What you need to do. Each entry must come back word for word; drop the images as you go.

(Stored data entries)
"""

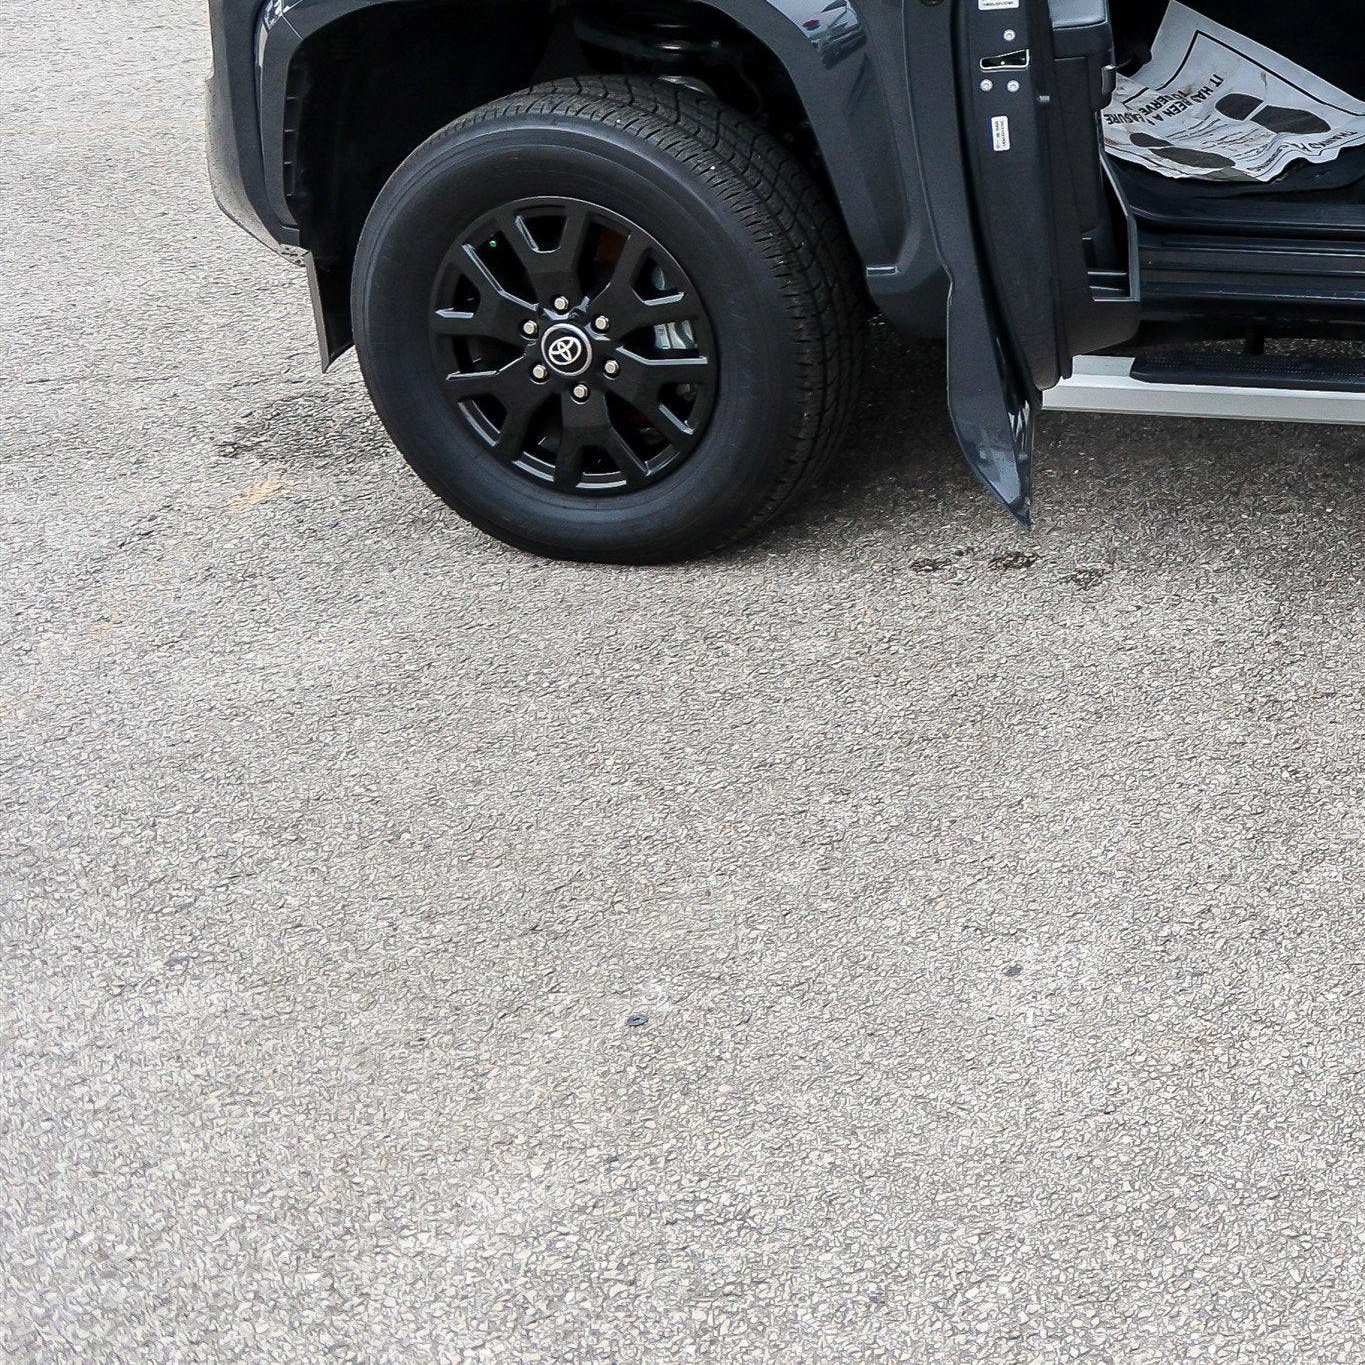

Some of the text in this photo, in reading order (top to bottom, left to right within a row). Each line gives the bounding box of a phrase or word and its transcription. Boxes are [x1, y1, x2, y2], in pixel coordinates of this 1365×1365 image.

[1209, 74, 1224, 87] IT
[1190, 86, 1214, 103] HAS
[1162, 97, 1194, 117] BEEN
[1152, 110, 1164, 122] A

"""

Completed task.
Some of the text in this photo, in reading order (top to bottom, left to right within a row). Each line gives the bounding box of a phrase or word and its transcription. Boxes are [x1, y1, x2, y2], in pixel coordinates of this 1365×1365 image.

[1209, 74, 1224, 87] IT
[1190, 86, 1214, 103] HAS
[1162, 97, 1194, 117] BEEN
[1152, 110, 1164, 122] A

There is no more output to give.